Hacker News new | ask | show | jobs
by wk_end 1838 days ago
I think you're conflating two different things, and although you've identified a real problem, that conflation is causing you to blame the wrong thing for it.

Verilog has a vaguely C-ish syntax, and VHDL has a vaguely Ada-ish syntax, but in my experience neither of them feel "imperative" in any real way once you get a handle on them. The issue with the syntax appearing imperative is superficial: imagine adding a C-like syntax to Haskell, perhaps to spur adoption the way Reason did for Ocaml - it wouldn't make it any less functional.
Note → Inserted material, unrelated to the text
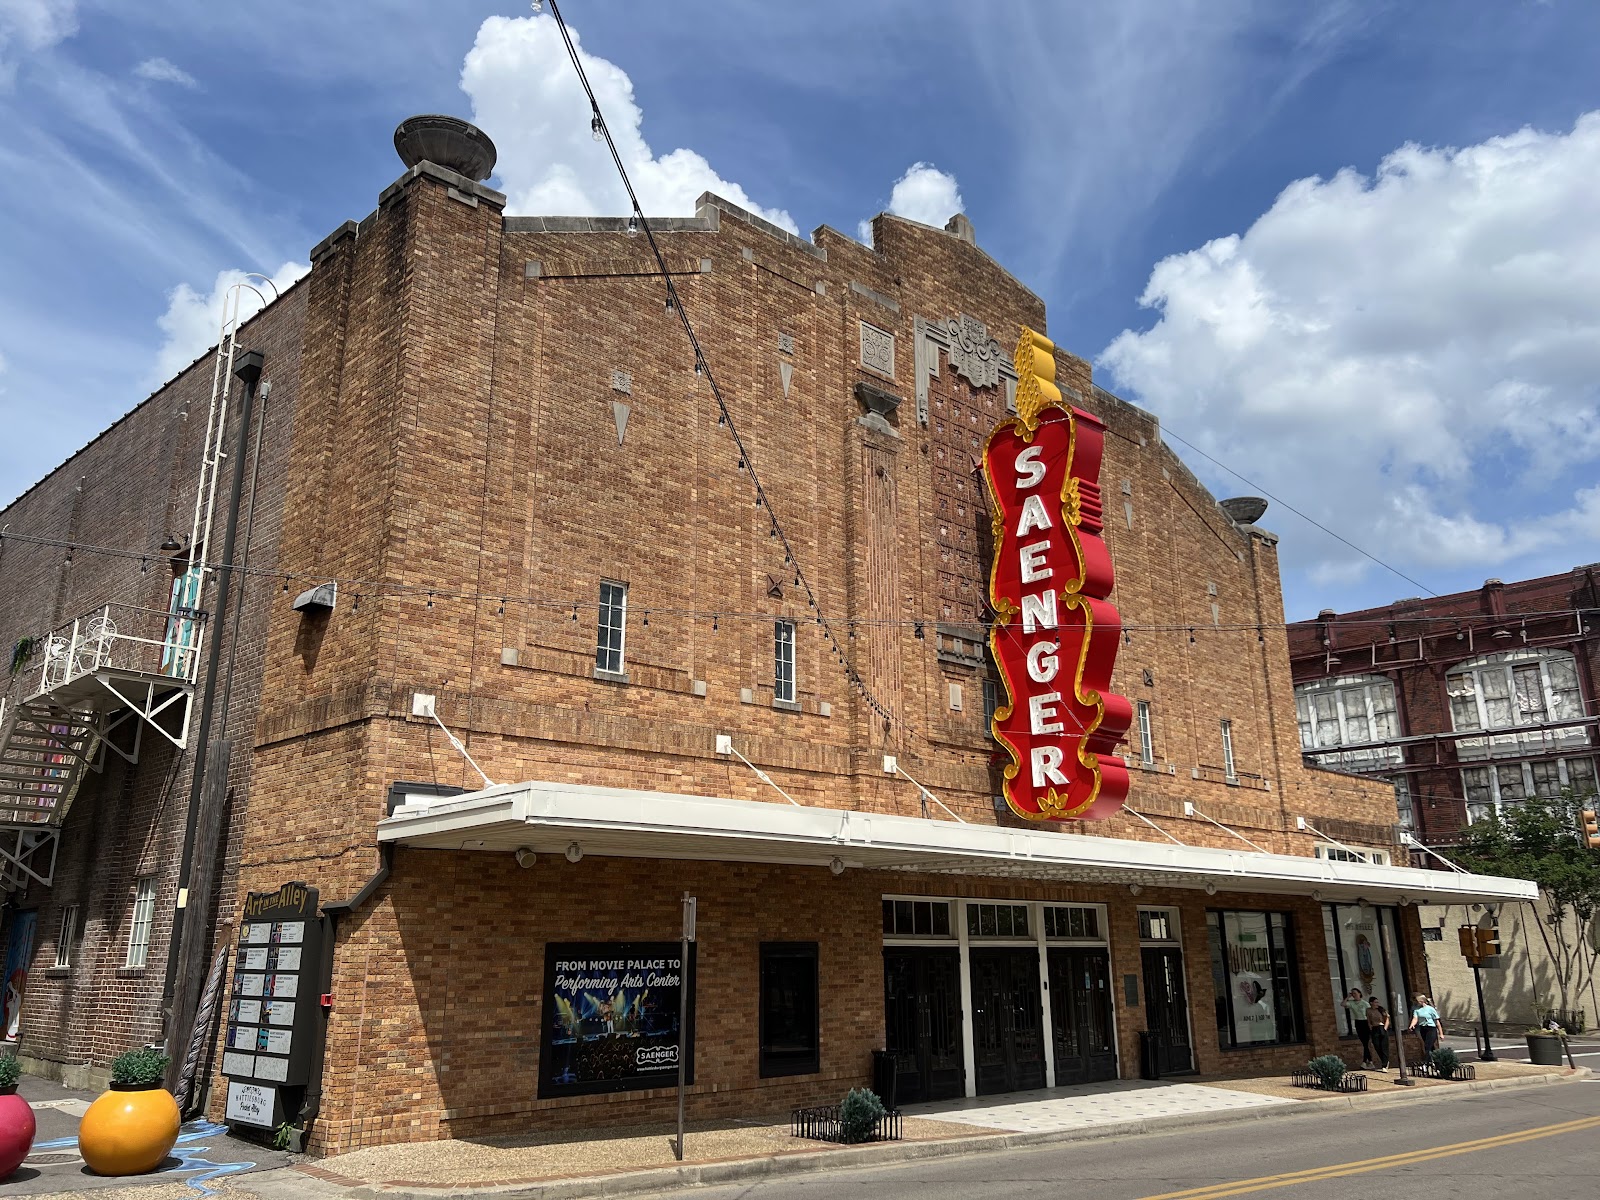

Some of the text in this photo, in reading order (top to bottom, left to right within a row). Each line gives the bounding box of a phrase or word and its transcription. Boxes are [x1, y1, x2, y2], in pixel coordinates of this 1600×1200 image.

The real issue isn't functional vs. imperative - it's just that VHDL and Verilog are still painfully primitive in terms of their capacity for abstraction.

1 comments

How do you add C syntax to Haskell without resorting to monadic syntax? (But then your expression is, well, in a Monad, and does not have the same type anymore.) There isn't even any inherent sequencing (much unlike ocaml), so would a function just be some long C statement?

No, I stand by what I said, the syntax itself is essentially imperative, and it is a bad fit. A purely functional language (like Haskell, not like ocaml) with a C-like, so imperative, syntax would be a bad fit as well. And FPGA designs are naturally pure functions within an applicative functor, which languages like Clash demonstrate well.